Scores of people came out on Wednesday to pay tribute to 10-year-old Cena, a black Lab who was recently diagnosed with terminal bone cancer.
Cena belonged to Lance Cpl. Jeff DeYoung, who was paired with the pup in 2009 during a nine-month stint in Afghanistan. Cena served as a bomb-sniffing dog.
While they were separated after their return back to the U.S., DeYoung and Cena were reunited four years later when DeYoung was able to adopt the canine. Cena acted as a service dog and helped DeYoung, now 27 and retired from the Marines, cope with post-traumatic stress disorder.
“My whole adult life I've had Cena. When I was 19 overseas learning how to be responsible, I had Cena. And now I'm 27 and I'm having to say goodbye to one of the biggest pieces of my life,” DeYoung told NBC’s Nightly News. “This dog saved my life. I trust him more than I trust most human beings.”

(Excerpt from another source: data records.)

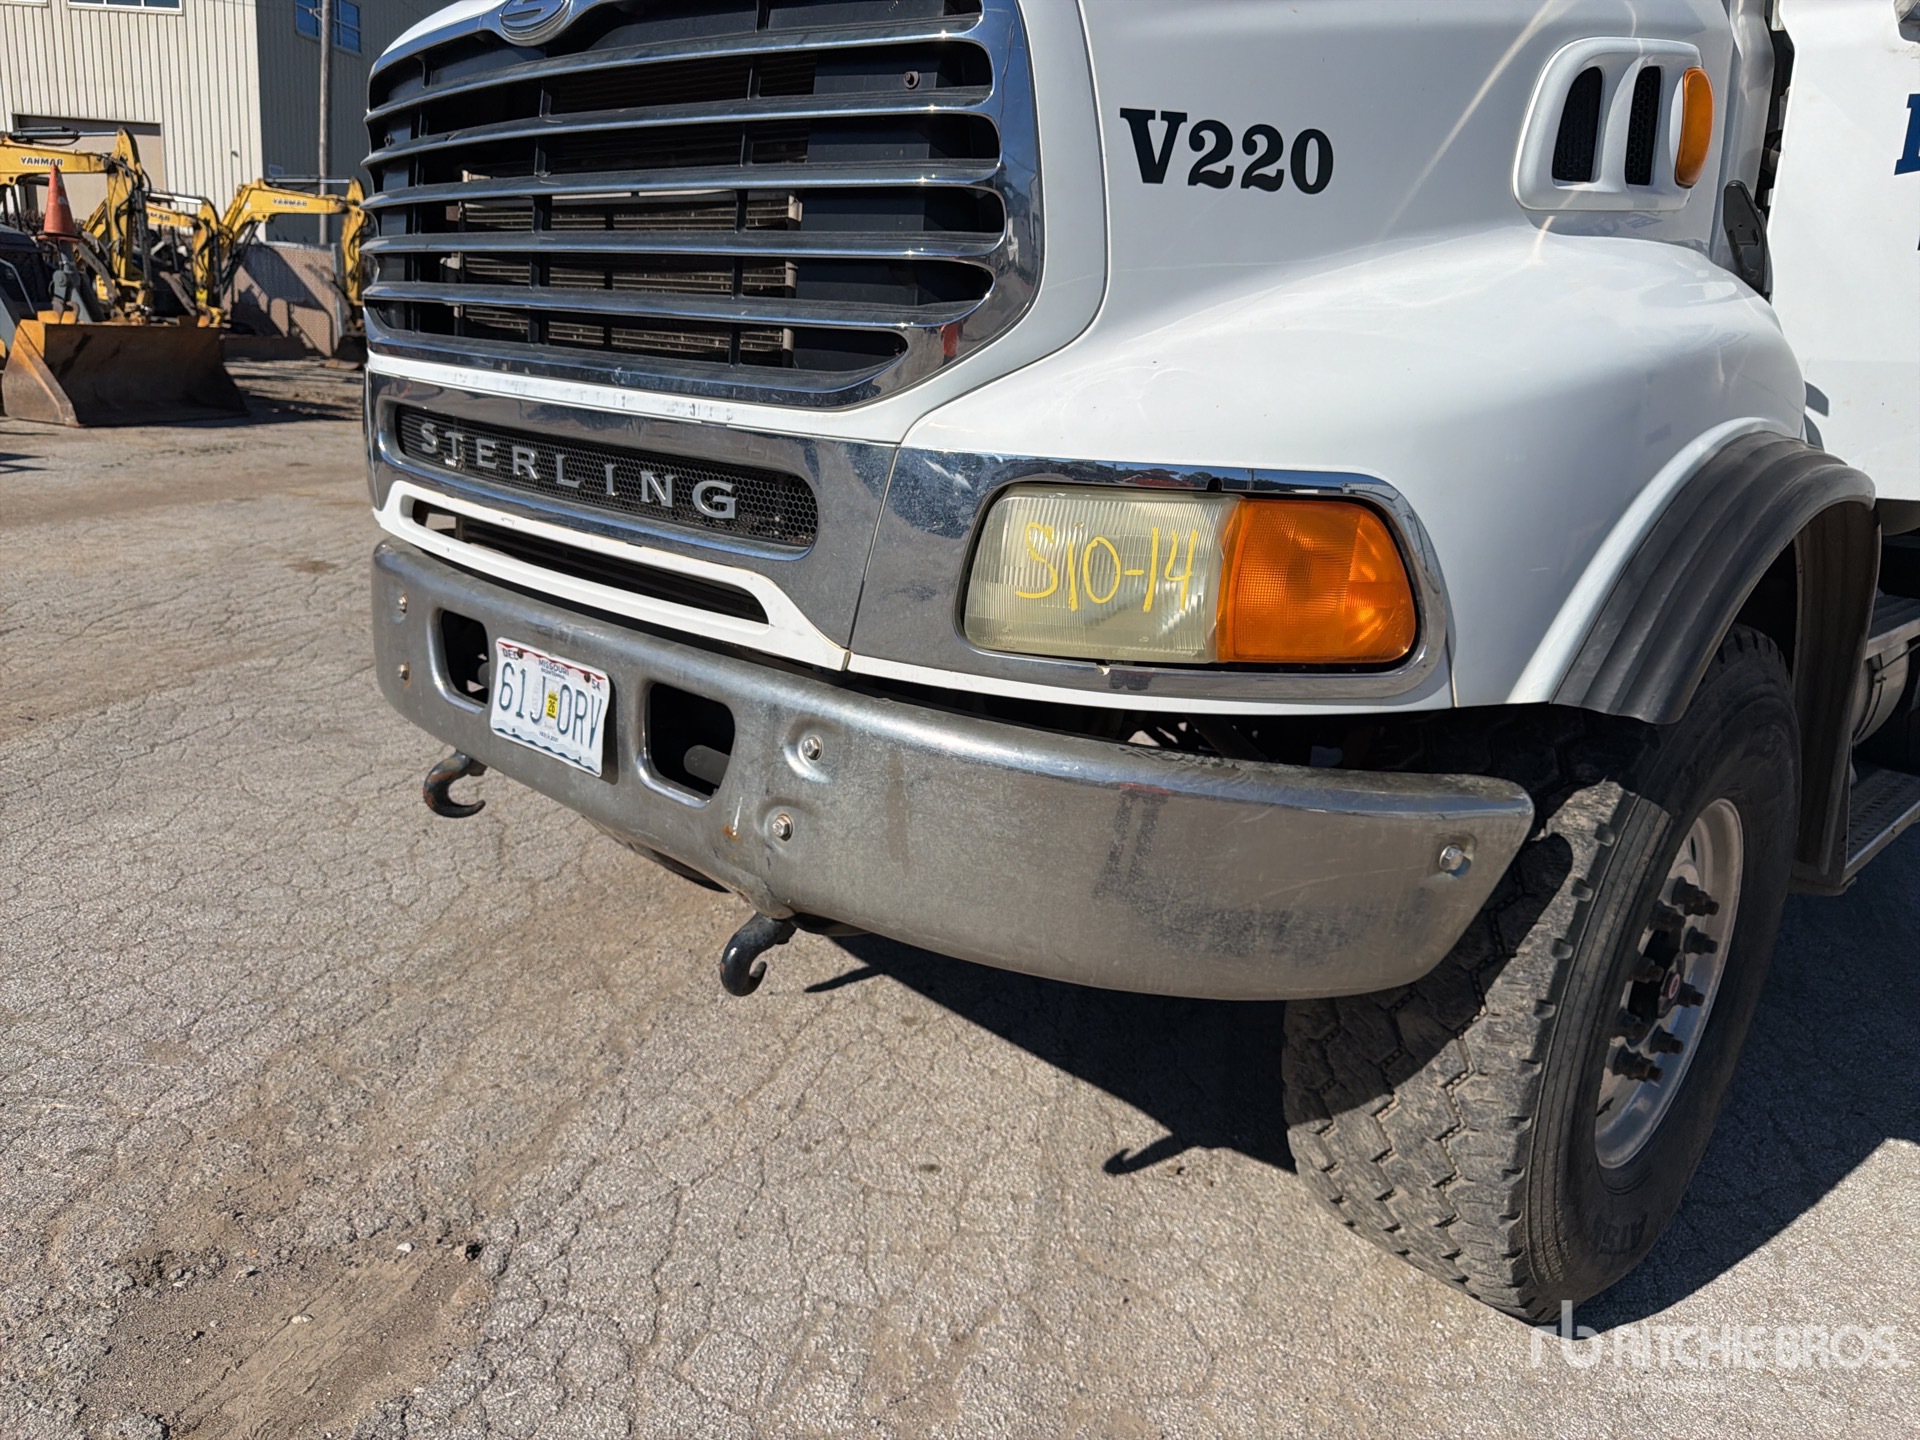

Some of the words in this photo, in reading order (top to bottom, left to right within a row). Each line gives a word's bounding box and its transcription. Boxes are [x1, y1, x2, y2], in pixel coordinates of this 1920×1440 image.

[1119, 108, 1334, 194] V220
[20, 156, 64, 166] YANMAR
[272, 198, 308, 207] YANMAR
[419, 421, 738, 520] STERLING
[1015, 521, 1199, 612] S10-14
[502, 648, 519, 661] DEC
[538, 658, 570, 676] MISSOURI

In his final hours, Cena paraded past the crowds in an open Jeep as well-wishers waved goodbye. DeYoung, in uniform, then carried Cena to a World War II-era where a veterinarian ended the dog’s suffering.

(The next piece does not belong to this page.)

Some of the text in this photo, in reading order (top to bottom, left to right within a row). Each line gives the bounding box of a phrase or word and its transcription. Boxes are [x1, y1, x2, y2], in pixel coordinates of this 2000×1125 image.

DeYoung said he’d miss the small things about Cena the most. “The goofy look he gets on his face when you open a potato chip bag. Whenever I grab his vest off the peg and he gets up and he says, 'Where we going today?'
"Just him, it's gonna be tough," he said.
A Go Fund Me page to raise money to buy a headstone for Cena already surpassed its goal. Hundreds of contributors wrote messages thanking Cena and DeYoung for their service.
“Thank you for your love, loyalty and service to all you have protected,” wrote one person. “One day, you will both be together again on the other side of the Rainbow Bridge. Until then, rest in peace, Cena,” wrote another.
DeYoung said the hero’s goodbye was exactly what his best friend deserved.
“He can see it and he can feel it … these dogs, they go out every day and they bring people back every day," DeYoung said. "He’s not just a dog, he's family and he's a Marine just the same.”